In your copy of the records, include every word exactly and no pictures.

Referring expression grounding data:
Content starts

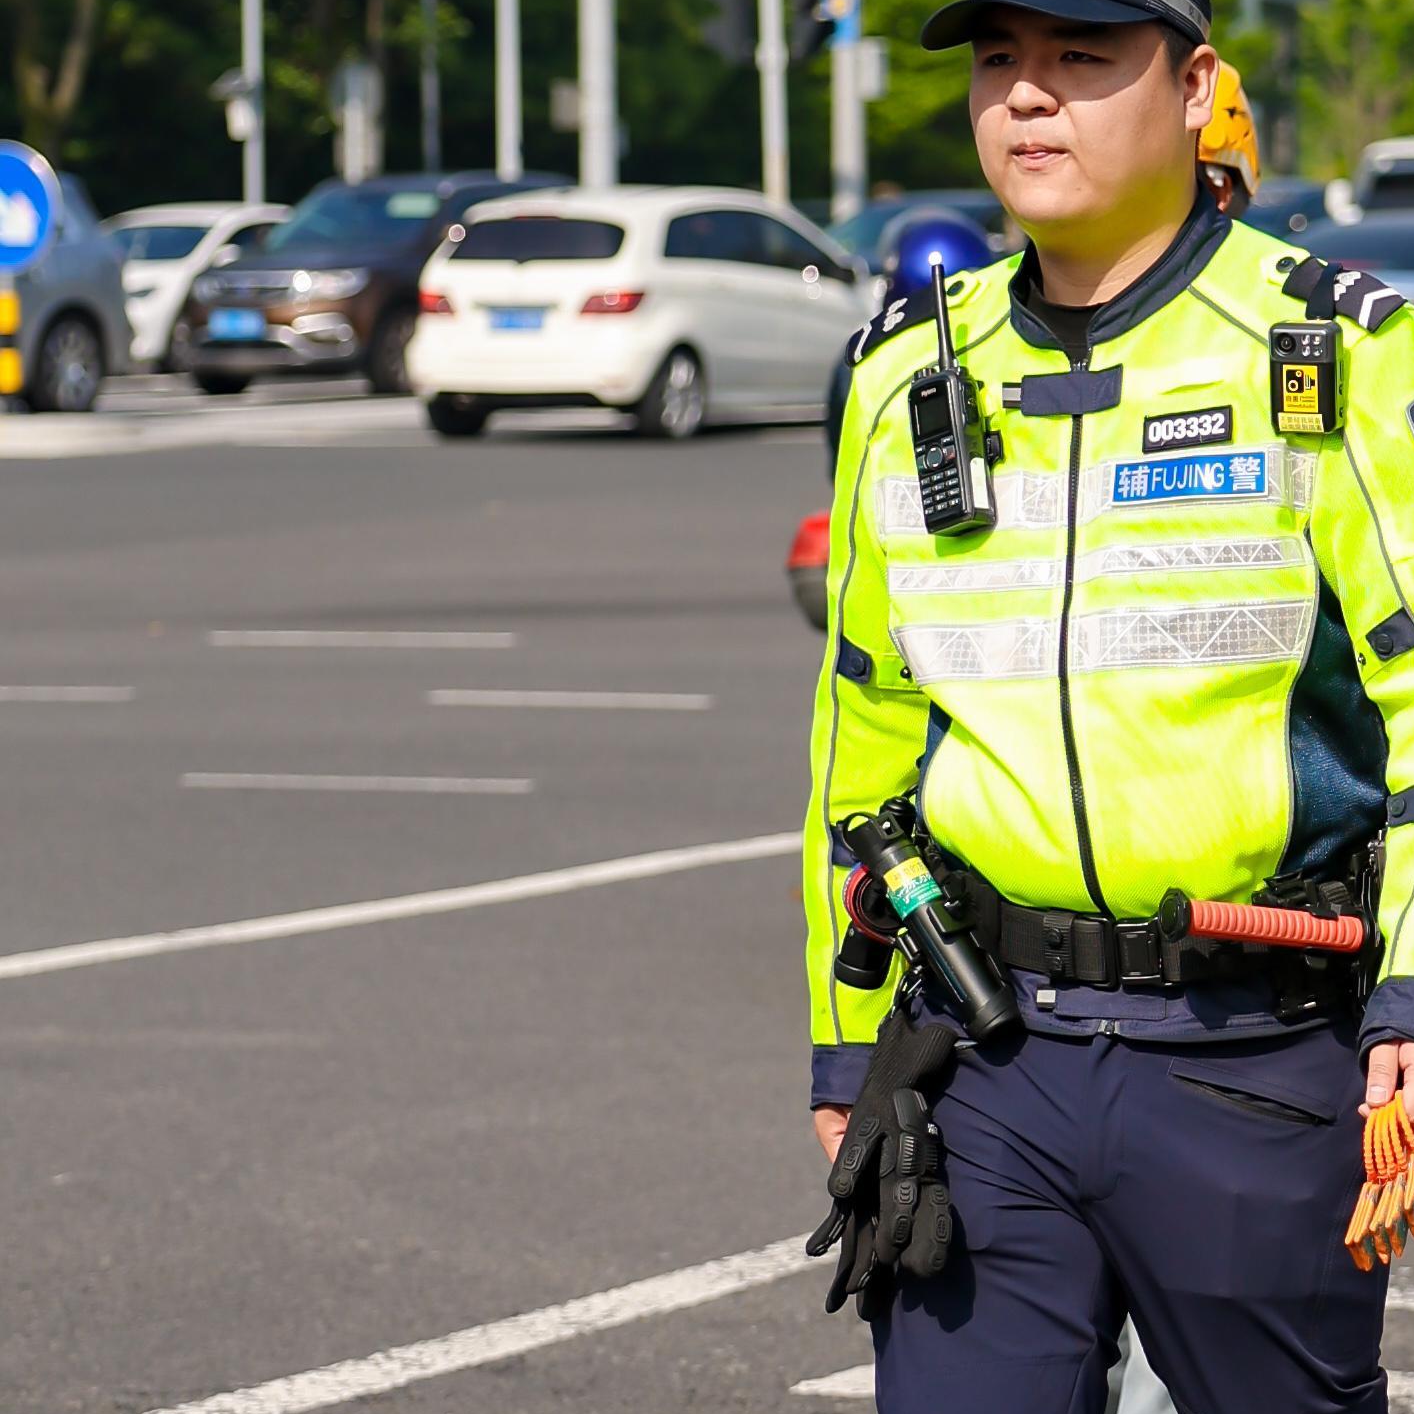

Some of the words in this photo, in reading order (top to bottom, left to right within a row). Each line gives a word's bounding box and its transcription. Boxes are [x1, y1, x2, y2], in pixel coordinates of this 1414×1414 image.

[1148, 412, 1226, 443] 003332
[1117, 465, 1151, 499] 辅
[1151, 461, 1225, 493] FUJING
[1228, 456, 1262, 491] 警
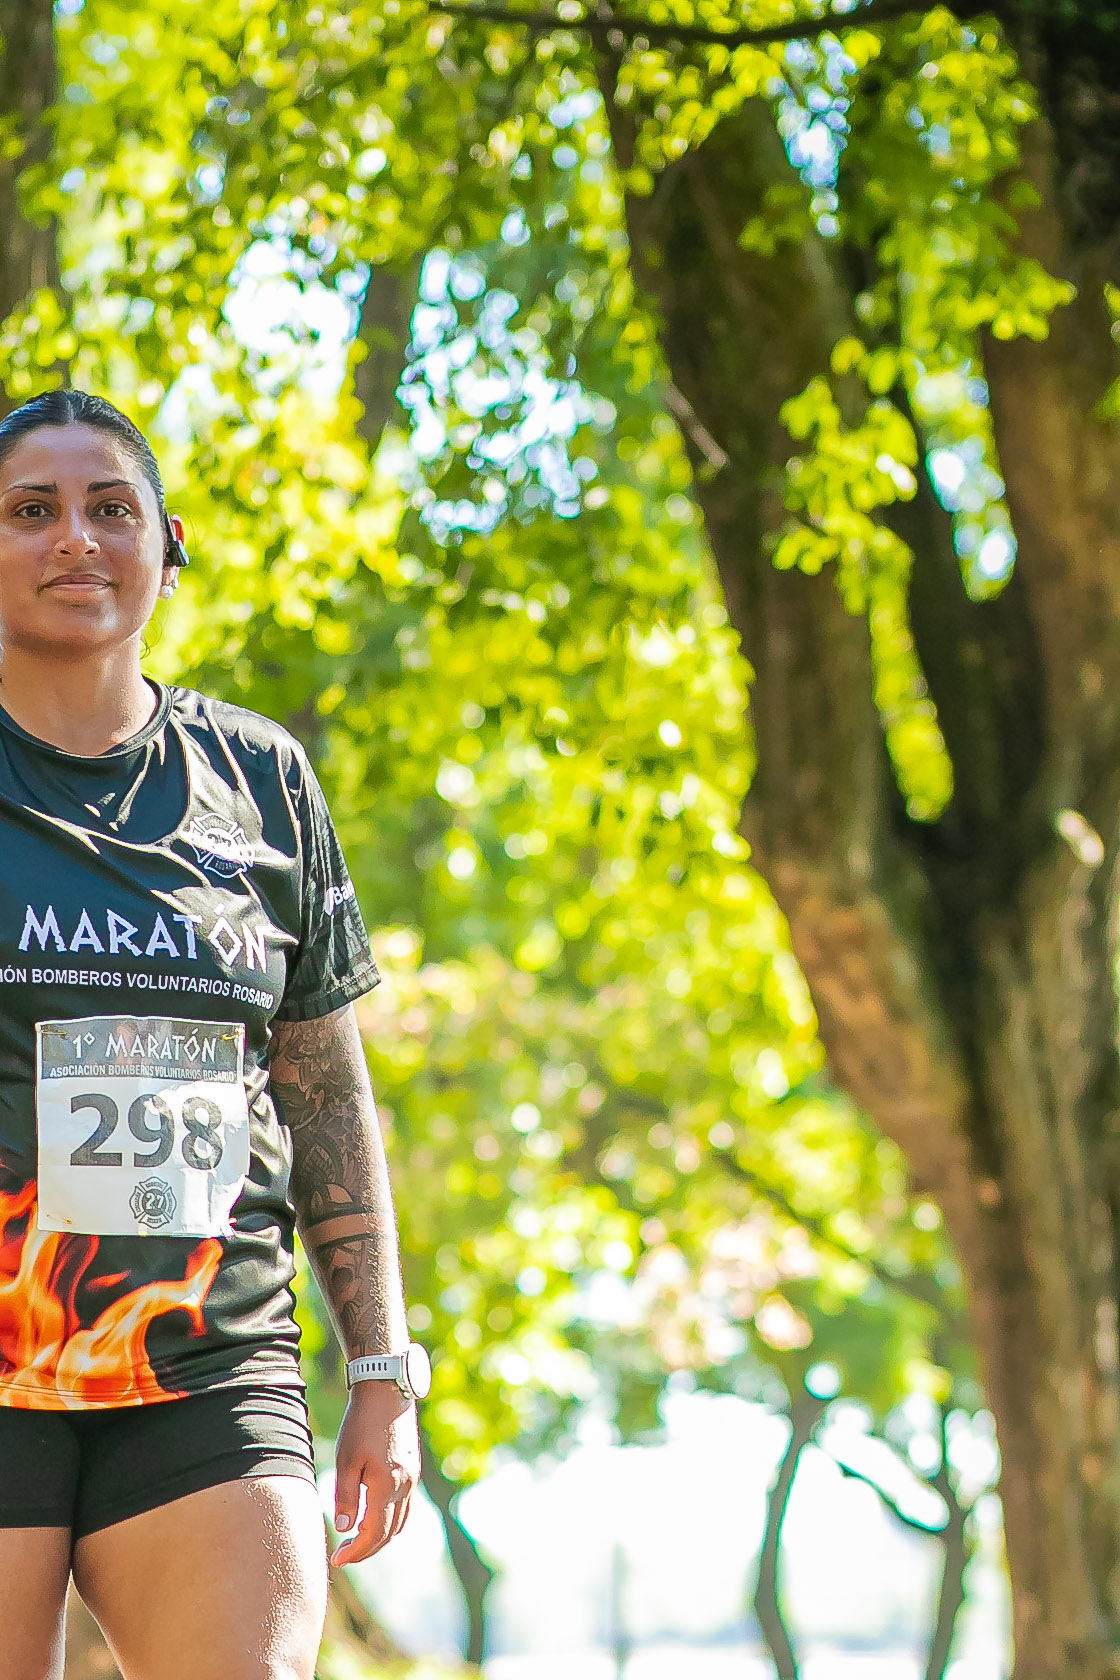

Content ends

**RESPONSE TO THIS TASK**
Some of the words in this photo, in reading order (top to bottom, left to right within a row). Each line gives a word's bounding box and its transcription. Boxes are [x1, y1, x2, y2], in pixel coordinates of this 1414×1414 image.

[1148, 412, 1226, 443] 003332
[1117, 465, 1151, 499] 辅
[1151, 461, 1225, 493] FUJING
[1228, 456, 1262, 491] 警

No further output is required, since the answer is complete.